» **Description of the task**: I would like you to restate each record word for word.
___ Data to process
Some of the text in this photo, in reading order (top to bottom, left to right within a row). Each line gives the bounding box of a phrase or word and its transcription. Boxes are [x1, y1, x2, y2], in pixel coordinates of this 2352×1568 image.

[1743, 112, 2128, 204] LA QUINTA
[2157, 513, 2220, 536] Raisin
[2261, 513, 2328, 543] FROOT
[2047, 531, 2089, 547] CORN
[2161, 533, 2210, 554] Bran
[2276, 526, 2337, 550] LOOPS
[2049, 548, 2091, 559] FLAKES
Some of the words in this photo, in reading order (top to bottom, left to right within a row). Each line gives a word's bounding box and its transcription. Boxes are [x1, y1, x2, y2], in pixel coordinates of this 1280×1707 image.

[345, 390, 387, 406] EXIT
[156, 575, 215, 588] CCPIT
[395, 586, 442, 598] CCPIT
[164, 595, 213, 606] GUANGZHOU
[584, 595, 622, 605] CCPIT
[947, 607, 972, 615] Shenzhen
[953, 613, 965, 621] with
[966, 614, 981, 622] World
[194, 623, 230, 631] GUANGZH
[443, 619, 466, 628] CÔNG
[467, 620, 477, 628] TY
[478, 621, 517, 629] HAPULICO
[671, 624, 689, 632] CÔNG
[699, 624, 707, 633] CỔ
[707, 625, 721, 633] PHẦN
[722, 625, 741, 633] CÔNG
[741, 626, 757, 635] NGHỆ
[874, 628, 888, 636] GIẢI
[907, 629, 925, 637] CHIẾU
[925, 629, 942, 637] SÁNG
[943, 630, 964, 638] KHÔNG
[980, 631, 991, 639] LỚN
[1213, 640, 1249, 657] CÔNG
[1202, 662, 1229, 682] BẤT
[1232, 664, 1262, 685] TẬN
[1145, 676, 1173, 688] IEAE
______
» **Result of this task**:
Some of the text in this photo, in reading order (top to bottom, left to right within a row). Each line gives the bounding box of a phrase or word and its transcription. Boxes are [x1, y1, x2, y2], in pixel coordinates of this 2352×1568 image.

[1743, 112, 2128, 204] LA QUINTA
[2157, 513, 2220, 536] Raisin
[2261, 513, 2328, 543] FROOT
[2047, 531, 2089, 547] CORN
[2161, 533, 2210, 554] Bran
[2276, 526, 2337, 550] LOOPS
[2049, 548, 2091, 559] FLAKES
Some of the words in this photo, in reading order (top to bottom, left to right within a row). Each line gives a word's bounding box and its transcription. Boxes are [x1, y1, x2, y2], in pixel coordinates of this 1280×1707 image.

[345, 390, 387, 406] EXIT
[156, 575, 215, 588] CCPIT
[395, 586, 442, 598] CCPIT
[164, 595, 213, 606] GUANGZHOU
[584, 595, 622, 605] CCPIT
[947, 607, 972, 615] Shenzhen
[953, 613, 965, 621] with
[966, 614, 981, 622] World
[194, 623, 230, 631] GUANGZH
[443, 619, 466, 628] CÔNG
[467, 620, 477, 628] TY
[478, 621, 517, 629] HAPULICO
[671, 624, 689, 632] CÔNG
[699, 624, 707, 633] CỔ
[707, 625, 721, 633] PHẦN
[722, 625, 741, 633] CÔNG
[741, 626, 757, 635] NGHỆ
[874, 628, 888, 636] GIẢI
[907, 629, 925, 637] CHIẾU
[925, 629, 942, 637] SÁNG
[943, 630, 964, 638] KHÔNG
[980, 631, 991, 639] LỚN
[1213, 640, 1249, 657] CÔNG
[1202, 662, 1229, 682] BẤT
[1232, 664, 1262, 685] TẬN
[1145, 676, 1173, 688] IEAE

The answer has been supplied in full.